The technical solutions of the embodiments of the present invention are clearly and completely described in the following with reference to the accompanying drawings. It is apparent that the described embodiments are part of the embodiments of the invention, rather than all of the embodiments. All other embodiments obtained by a person of ordinary skill in the art based on the described embodiments of the present invention without departing from the scope of the invention are within the scope of the invention.

Claims

claims

1. A method for cutting a single-layer array glass substrate, wherein the method includes: providing a simulated glass substrate;

Assemble the single-layer array glass substrate with the array unit formed on it and the provided simulated glass substrate into a double glass simulated substrate through a joining process;

Cutting the double glass simulation substrate to form a double glass simulation substrate; and performing a separation process on the double glass simulation substrate to obtain a single layer array glass substrate.

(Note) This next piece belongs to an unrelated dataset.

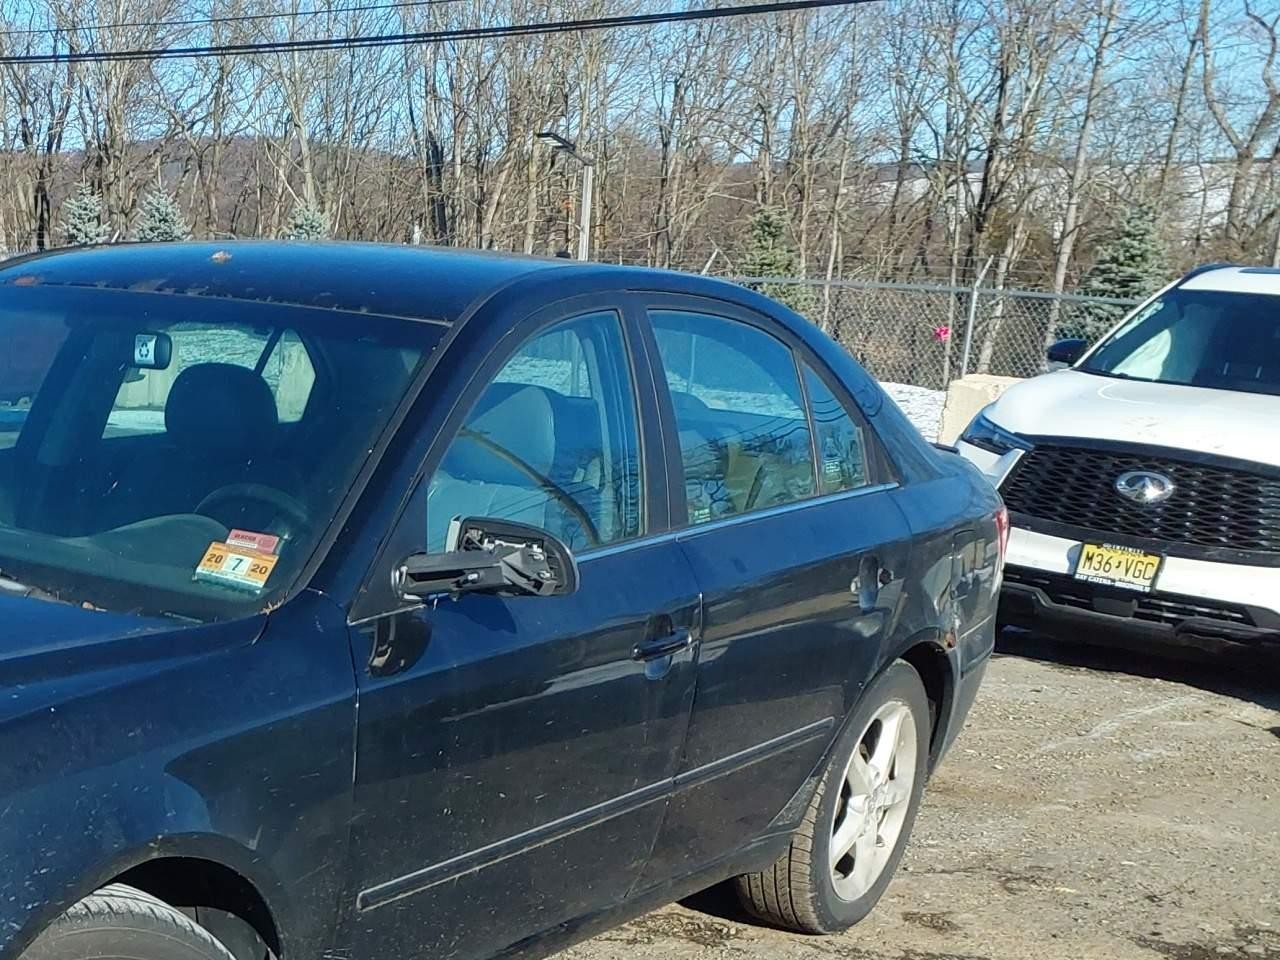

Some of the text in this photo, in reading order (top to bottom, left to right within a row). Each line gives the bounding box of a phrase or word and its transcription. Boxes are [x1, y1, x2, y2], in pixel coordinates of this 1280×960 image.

[207, 553, 268, 574] 20 7 20
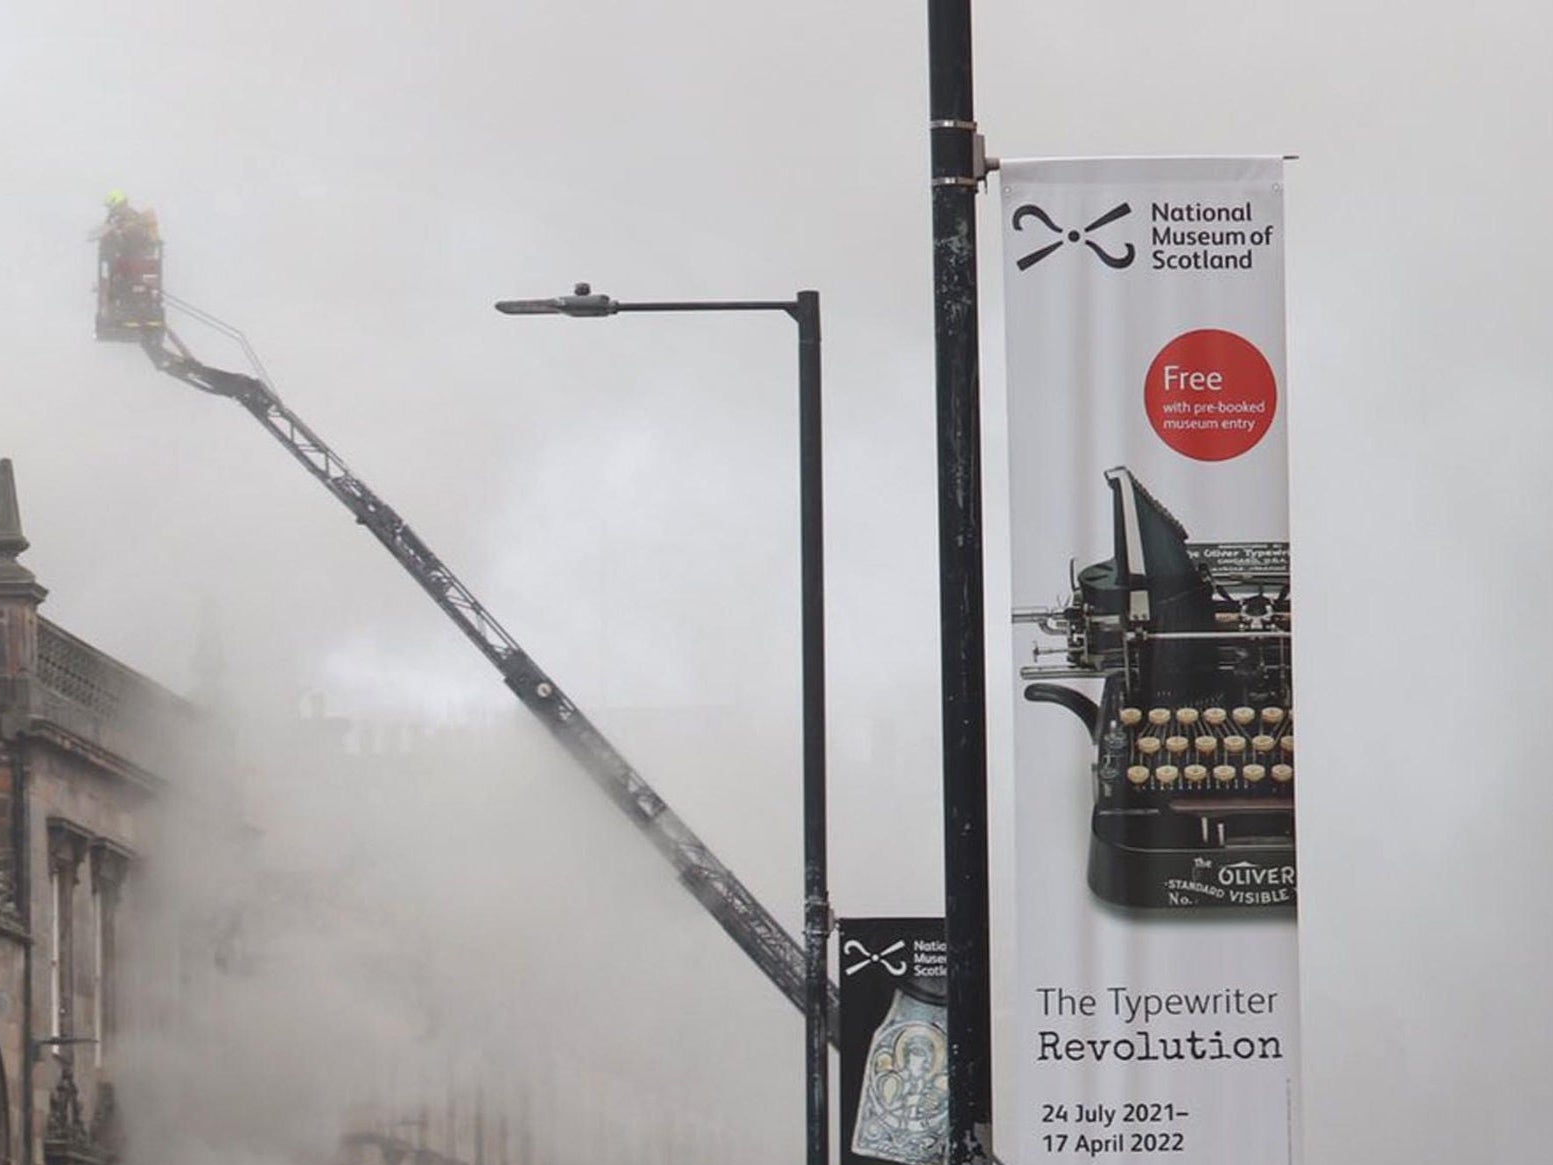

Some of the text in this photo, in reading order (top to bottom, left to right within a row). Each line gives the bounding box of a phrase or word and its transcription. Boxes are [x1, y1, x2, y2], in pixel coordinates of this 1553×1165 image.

2. The cutting method of the single-layer array glass substrate according to claim 1, wherein the assembly of the double glass simulation substrate through the inlay process includes:

Apply a sealant on the single-layer array glass substrate or the simulated glass substrate; and install the simulated glass substrate and the single-layer array glass substrate together to form a double-glass simulation in an uncured state. base material;

The sealant in the uncured double-glass simulated base material is semi-cured to form the double-glass simulated base material.

3. The cutting method of the single-layer array glass substrate according to claim 1 or 2, further comprising the step of performing a polishing process on the double glass simulated substrate after forming the double glass simulated substrate and before performing a separation process on the double glass simulated substrate. .

4. The method for cutting a single-layer array glass substrate according to claim 3, further comprising the step of performing a cleaning process on the polished double-glass simulation substrate before performing a separation process on the double-glass simulation substrate.

5. The method for cutting the single-layer array glass substrate according to any one of claims 1 to 4, further comprising the step of removing the sealant from the separated single-layer array glass substrate.

6. The method for cutting a single-layer array glass substrate according to any one of claims 1 to 5, further comprising pre-arranging a shield on the simulated glass substrate before assembling it into a double-glass simulated substrate through a joining process. The steps of masking the array units in the single-layer array glass substrate are described.

7. A cutting system for single-layer array glass substrates, including:

A laminating machine is used to assemble the single-layer array glass substrate formed with the array unit and the simulated glass substrate into a double glass simulated substrate;

A cutting machine for cutting the double glass simulated substrate into a double glass simulated substrate; and Substrate separator, used to separate double glass simulation substrates.

8. The cutting system for the single-layer array glass substrate according to claim 7, wherein the stacking machine includes:

Gluing device, used to apply sealant on single-layer array glass substrate or simulated glass substrate;

A flip-up coupling device for coupling and installing the simulated glass substrate and the single-layer array glass substrate; and

Sealant curing machine, set up to semi-cure the sealant in the double glass simulated substrate.

9. The cutting system for the single-layer array glass substrate according to claim 7 or 8, further comprising a grinding and polishing machine for performing a grinding process on the double-glass simulated substrate.

10. The cutting system of the single-layer array glass substrate according to claim 9, further comprising a substrate cleaning machine for cleaning the polished double glass simulation substrate.